The source data is age-labeled data recorded in an environment different from that during operation,
3. The learning device according to claim 1, wherein the target data is data recorded in the same environment as during operation and not given an age label.
3. The apparatus further comprises a control processing unit for repeatedly executing the processing by the transforming unit, the first estimating unit, the second estimating unit, and the updating unit until a predetermined condition is satisfied. A learning device according to any one of
a conversion unit that converts data into a feature amount vector using a first neural network;
an estimating unit for estimating the age of the target person from the feature amount vector converted by the converting unit using a second neural network;
has
The first neural network and the second neural network estimate the posterior probability for each age of the age-labeled source data estimated by the second neural network and the posterior probability for the age of the person. While maximizing the posterior probability of the correct age of the target person and the posterior probability of the correct age of the target person with respect to the posterior probability for the age of the source data estimated by the third neural network, A feature vector of the source data transformed by the first neural network on the condition of the posterior probability of the age of the target data with no age label assigned and the correct age of the source data estimated by the neural network. and the feature amount vector of the target data are learned so as to approximate the distributions of the target data using a predetermined inter-distribution distance reference for each age.

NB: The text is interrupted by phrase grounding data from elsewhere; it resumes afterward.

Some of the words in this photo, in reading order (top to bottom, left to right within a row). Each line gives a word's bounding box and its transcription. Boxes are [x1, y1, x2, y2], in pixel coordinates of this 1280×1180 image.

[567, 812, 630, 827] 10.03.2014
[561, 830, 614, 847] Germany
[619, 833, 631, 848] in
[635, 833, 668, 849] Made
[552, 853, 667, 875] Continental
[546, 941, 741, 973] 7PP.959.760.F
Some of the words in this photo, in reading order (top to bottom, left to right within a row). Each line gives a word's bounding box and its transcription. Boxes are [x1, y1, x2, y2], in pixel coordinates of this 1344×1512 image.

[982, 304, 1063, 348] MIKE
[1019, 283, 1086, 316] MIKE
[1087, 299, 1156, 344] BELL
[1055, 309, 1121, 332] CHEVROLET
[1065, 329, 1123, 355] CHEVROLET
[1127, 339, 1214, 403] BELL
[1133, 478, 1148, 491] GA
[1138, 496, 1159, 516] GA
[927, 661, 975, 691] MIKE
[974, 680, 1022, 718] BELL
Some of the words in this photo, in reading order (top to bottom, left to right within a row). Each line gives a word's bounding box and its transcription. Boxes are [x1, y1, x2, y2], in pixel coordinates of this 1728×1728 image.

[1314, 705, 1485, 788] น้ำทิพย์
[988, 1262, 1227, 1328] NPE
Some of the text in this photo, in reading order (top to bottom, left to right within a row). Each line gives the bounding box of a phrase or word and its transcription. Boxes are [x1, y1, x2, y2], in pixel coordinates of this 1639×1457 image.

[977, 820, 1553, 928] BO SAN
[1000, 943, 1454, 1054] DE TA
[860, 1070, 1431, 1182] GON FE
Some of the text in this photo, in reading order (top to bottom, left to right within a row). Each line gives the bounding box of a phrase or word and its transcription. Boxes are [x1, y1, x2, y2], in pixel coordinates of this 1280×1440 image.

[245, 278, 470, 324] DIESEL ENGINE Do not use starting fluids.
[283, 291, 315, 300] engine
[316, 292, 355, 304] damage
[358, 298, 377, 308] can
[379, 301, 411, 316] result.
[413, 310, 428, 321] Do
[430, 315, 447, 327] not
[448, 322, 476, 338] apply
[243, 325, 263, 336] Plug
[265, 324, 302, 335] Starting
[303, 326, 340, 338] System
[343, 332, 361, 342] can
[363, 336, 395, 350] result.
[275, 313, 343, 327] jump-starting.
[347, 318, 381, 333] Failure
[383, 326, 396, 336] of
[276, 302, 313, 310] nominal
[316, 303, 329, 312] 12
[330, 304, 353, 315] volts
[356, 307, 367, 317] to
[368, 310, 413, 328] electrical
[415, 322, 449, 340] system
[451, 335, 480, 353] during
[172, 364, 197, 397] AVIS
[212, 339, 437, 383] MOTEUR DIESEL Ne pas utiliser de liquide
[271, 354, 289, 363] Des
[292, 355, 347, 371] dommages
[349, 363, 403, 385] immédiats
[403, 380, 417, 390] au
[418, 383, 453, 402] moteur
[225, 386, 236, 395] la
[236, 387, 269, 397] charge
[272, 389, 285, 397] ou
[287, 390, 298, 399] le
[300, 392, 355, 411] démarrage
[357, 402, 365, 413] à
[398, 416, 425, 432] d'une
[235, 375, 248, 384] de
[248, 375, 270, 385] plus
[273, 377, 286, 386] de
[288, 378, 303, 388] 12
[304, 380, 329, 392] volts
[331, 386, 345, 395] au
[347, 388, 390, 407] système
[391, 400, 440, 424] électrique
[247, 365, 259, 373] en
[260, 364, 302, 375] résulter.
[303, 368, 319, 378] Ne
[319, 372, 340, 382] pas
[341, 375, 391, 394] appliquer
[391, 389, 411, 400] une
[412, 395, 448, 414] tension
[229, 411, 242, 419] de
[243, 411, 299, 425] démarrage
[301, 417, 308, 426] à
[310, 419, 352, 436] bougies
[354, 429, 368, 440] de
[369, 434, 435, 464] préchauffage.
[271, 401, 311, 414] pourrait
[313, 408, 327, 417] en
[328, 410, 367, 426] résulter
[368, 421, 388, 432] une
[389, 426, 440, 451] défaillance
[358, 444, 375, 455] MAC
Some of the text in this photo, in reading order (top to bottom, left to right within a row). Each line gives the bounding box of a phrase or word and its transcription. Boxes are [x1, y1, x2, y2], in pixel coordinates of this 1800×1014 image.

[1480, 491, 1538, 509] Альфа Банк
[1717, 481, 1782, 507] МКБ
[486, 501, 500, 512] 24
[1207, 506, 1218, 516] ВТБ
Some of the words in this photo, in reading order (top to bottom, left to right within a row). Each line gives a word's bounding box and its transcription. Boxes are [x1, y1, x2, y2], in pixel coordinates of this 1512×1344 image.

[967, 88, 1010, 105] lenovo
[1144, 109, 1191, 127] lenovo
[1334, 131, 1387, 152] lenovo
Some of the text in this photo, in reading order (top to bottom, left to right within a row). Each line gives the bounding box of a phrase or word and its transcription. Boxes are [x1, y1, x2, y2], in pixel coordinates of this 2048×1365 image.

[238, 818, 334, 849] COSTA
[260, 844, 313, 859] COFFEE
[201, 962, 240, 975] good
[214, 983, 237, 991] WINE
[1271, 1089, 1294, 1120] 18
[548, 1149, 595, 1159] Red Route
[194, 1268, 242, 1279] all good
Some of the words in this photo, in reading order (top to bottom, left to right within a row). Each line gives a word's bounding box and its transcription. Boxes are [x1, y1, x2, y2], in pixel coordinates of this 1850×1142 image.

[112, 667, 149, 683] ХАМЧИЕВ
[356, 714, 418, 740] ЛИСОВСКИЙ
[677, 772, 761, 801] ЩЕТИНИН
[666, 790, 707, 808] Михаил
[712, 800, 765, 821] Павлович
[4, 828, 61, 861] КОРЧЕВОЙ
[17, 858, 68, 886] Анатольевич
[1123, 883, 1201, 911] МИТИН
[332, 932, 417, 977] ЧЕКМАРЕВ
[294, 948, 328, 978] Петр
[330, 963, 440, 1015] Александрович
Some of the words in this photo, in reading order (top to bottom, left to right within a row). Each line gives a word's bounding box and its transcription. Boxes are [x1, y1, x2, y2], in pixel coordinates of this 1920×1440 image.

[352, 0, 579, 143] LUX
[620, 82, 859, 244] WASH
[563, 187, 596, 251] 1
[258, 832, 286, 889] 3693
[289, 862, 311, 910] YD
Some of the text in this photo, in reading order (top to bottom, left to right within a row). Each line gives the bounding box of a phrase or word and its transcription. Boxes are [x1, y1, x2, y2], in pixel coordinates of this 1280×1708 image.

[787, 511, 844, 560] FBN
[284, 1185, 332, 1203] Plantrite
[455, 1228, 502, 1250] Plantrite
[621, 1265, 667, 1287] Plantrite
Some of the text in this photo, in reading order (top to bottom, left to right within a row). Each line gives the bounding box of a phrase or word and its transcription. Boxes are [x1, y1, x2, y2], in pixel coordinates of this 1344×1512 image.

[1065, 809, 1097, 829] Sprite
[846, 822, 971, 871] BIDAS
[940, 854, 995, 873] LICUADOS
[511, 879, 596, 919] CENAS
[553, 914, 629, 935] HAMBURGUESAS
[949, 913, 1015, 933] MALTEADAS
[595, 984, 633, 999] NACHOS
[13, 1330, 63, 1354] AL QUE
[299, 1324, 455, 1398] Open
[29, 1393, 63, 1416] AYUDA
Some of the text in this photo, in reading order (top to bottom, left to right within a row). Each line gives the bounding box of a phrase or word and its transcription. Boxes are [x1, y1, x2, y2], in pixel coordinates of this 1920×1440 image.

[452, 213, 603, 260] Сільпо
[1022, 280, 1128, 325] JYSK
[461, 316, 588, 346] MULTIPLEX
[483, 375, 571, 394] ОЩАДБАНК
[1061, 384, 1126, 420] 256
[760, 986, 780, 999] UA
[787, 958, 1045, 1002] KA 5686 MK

A learning method executed by a learning device,
a conversion step of converting age-labeled source data into a feature quantity vector and converting target data without an age label into a feature quantity vector using a first neural network;
A first estimation step of estimating the posterior probability for the age of the target person from the feature amount vector of the source data converted in the conversion step using a second neural network;
Using a third neural network, estimating the posterior probability for the age of the target person from the feature amount vector of the source data, and second estimation for estimating the posterior probability for the age of the target person from the feature amount vector of the target data process and
The posterior probability of the correct age of the target person with respect to the posterior probability of the age of the source data estimated in the first estimation step and the posterior probability of the age of the source data estimated in the second estimation step. and the posterior probability of the correct age are maximized, and on the condition of the posterior probability of the age of the target data estimated in the second estimation step and the correct age of the source data, in the conversion step The first neural network and the second neural network are arranged so that the distributions of the transformed feature amount vector of the source data and the feature amount vector of the target data are brought close to each other based on a distance criterion between distributions defined in advance for each age. an update step of updating each parameter of the neural network and the third neural network;
A learning method comprising:
A learning program for causing a computer to function as the learning device according to any one of claims 1 to 4.